Приведенные строки очень важны, поскольку они конкретизируют позицию, занятую Деникиным по вопросам «внешнеполитическим». Помимо хорошо известного «оборончества» старого генерала, речь для него, как видим, идет о необходимости всей патриотически мыслящей эмиграции объединиться на почве антибольшевизма для общего представительства на международной арене.

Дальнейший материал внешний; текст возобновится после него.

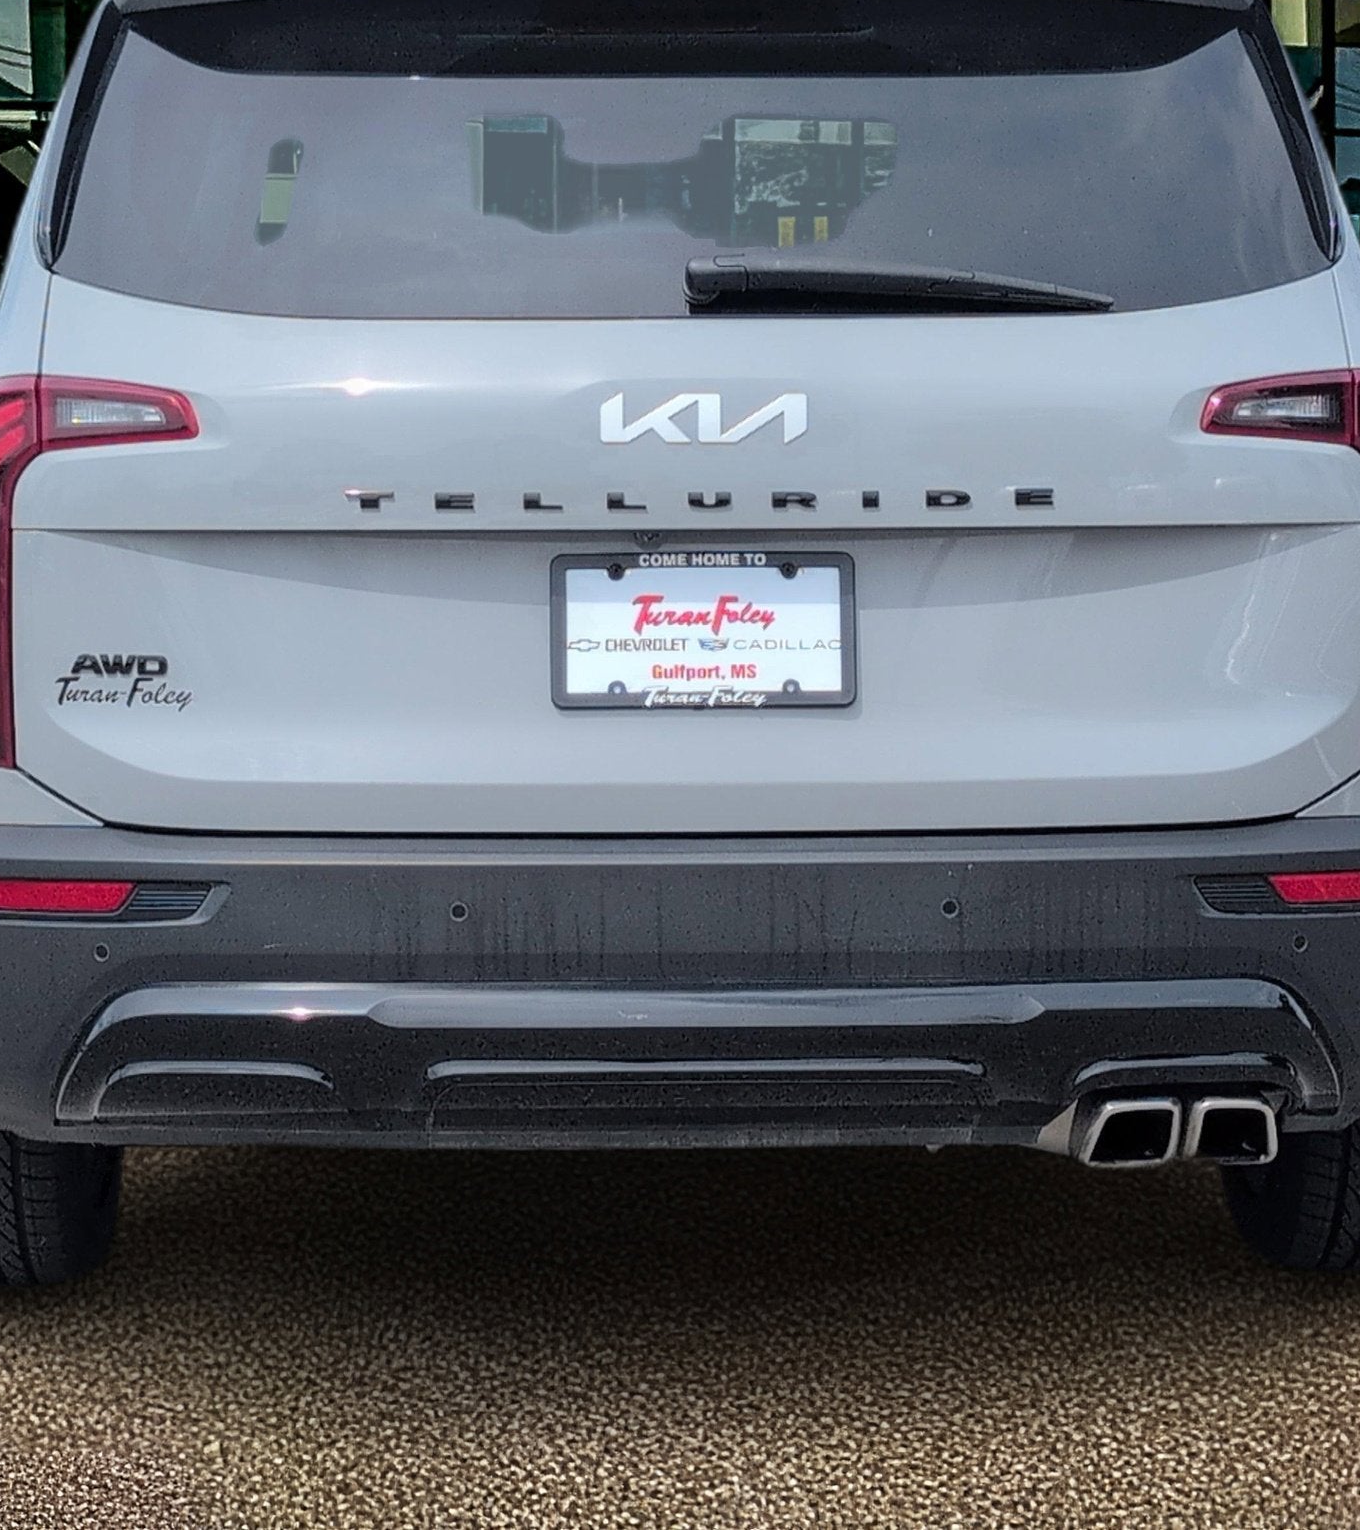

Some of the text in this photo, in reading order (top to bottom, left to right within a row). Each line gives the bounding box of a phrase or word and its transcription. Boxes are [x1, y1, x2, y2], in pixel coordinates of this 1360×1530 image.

[344, 487, 1055, 513] TELLURIDE
[639, 552, 767, 566] COME HOME TO
[605, 638, 842, 652] CHEVROLET CADILLAC
[71, 654, 168, 676] AWD
[651, 664, 757, 681] Gulfport, MS
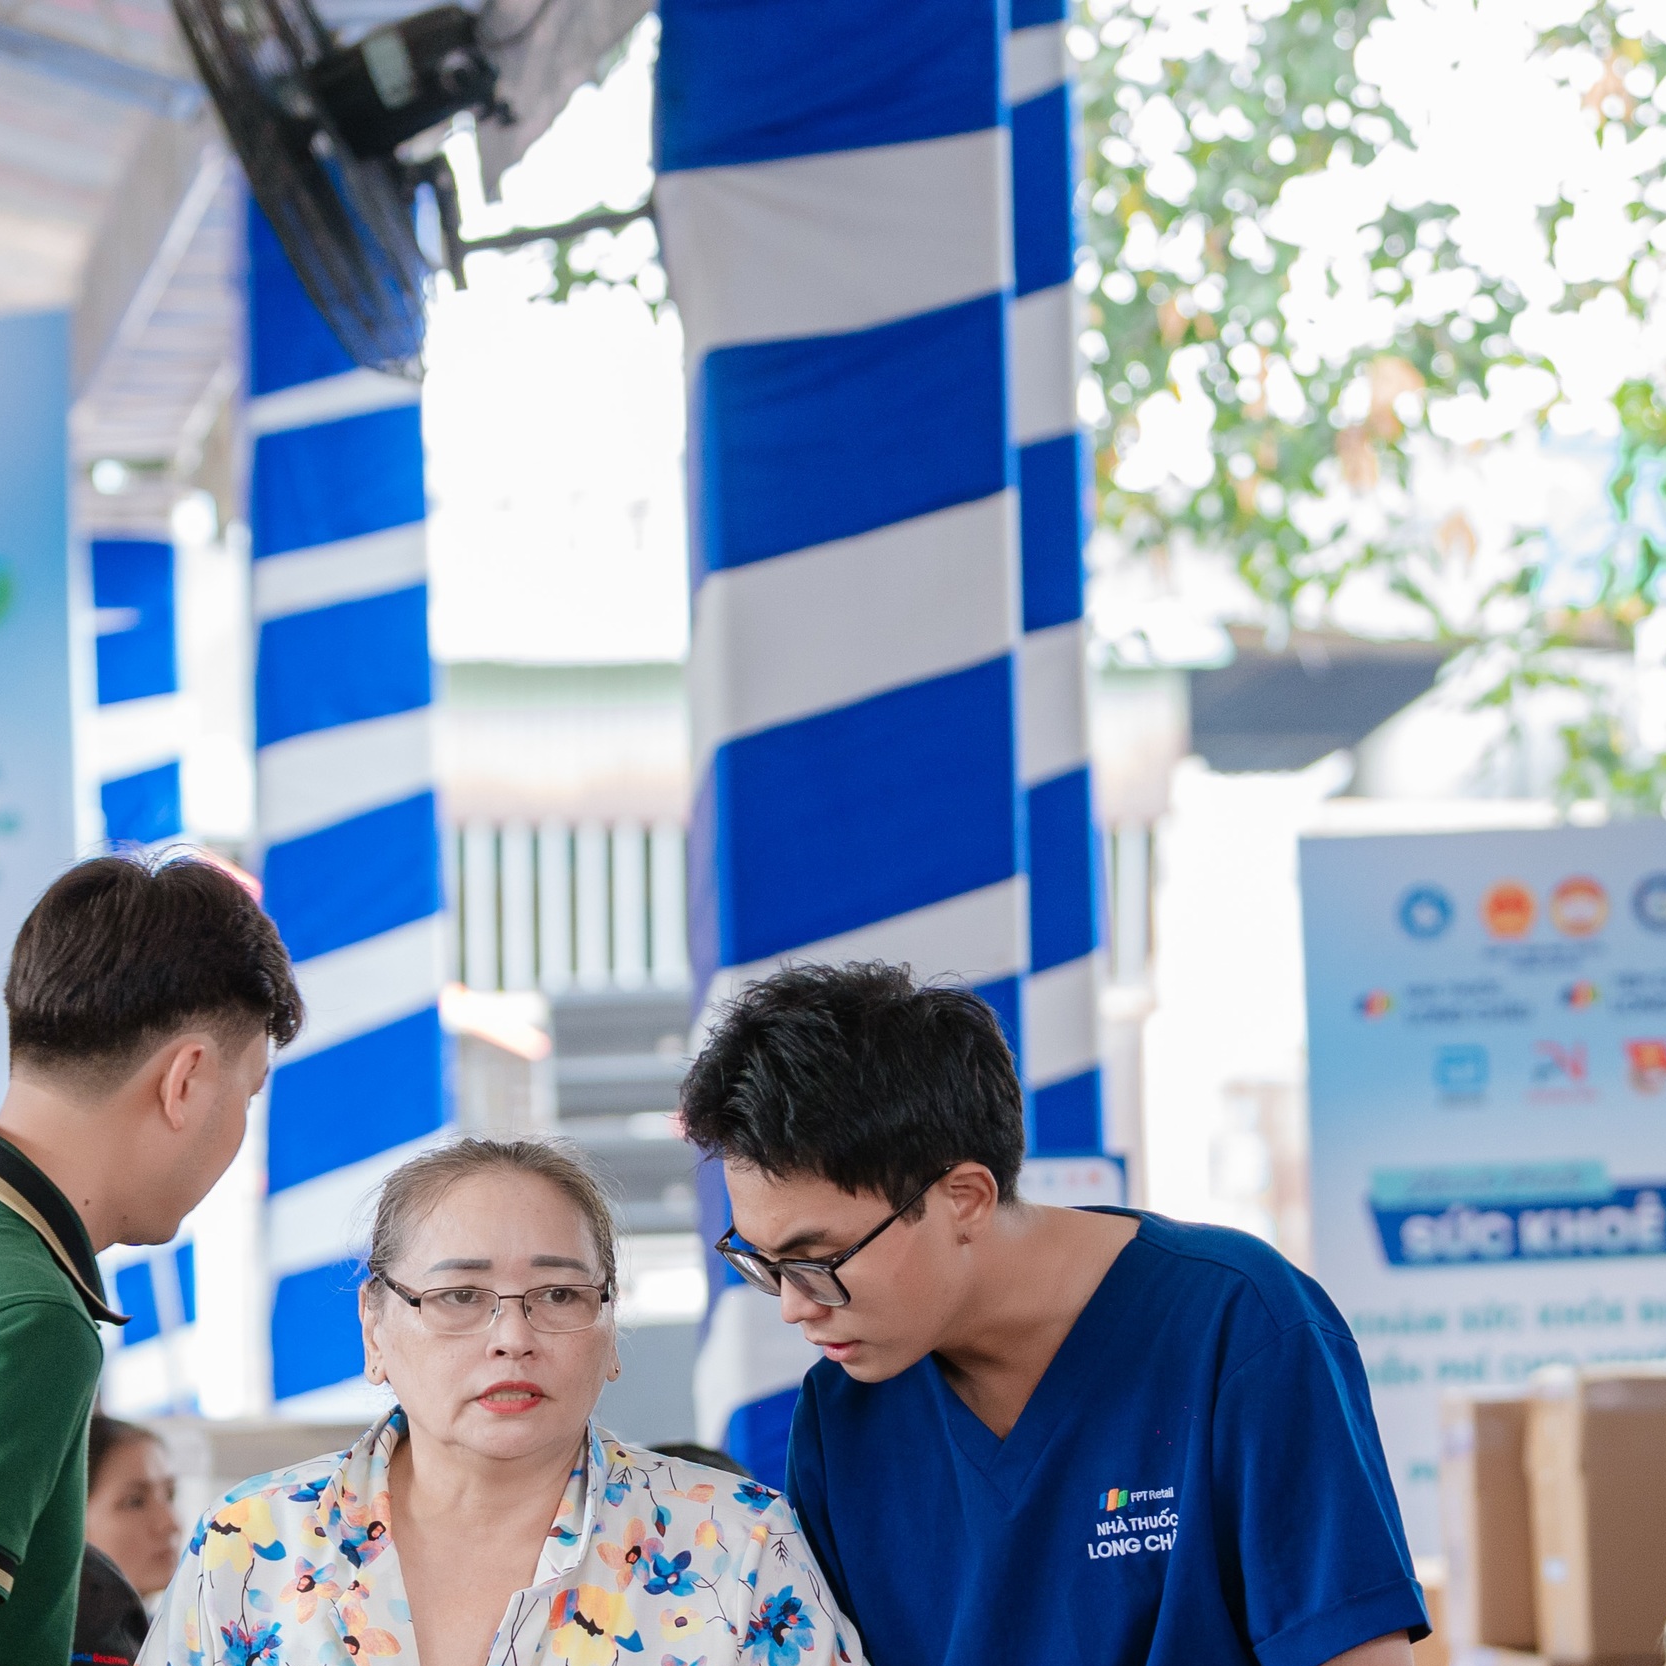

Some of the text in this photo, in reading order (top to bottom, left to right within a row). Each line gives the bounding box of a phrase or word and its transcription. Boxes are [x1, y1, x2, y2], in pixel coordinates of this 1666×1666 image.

[1130, 1487, 1175, 1503] FPT Retail
[1096, 1508, 1180, 1536] NHÀ THUỐC
[1088, 1537, 1142, 1559] LONG

Можно считать спорным вопрос, был бы и в этом случае услышан голос единой и сплоченной русской эмиграции или нет, но вряд ли подлежит сомнению, что разрозненные выступления не имели серьезных шансов на сочувствие влиятельных фигур «мировой политики». К сожалению, объединения не произошло, а Вторая Мировая война, во многом ставшая следствием глухоты «великих держав» к предостережениям, доносившимся со стороны русских изгнанников, нанесла новый тяжелый удар по Русскому Зарубежью.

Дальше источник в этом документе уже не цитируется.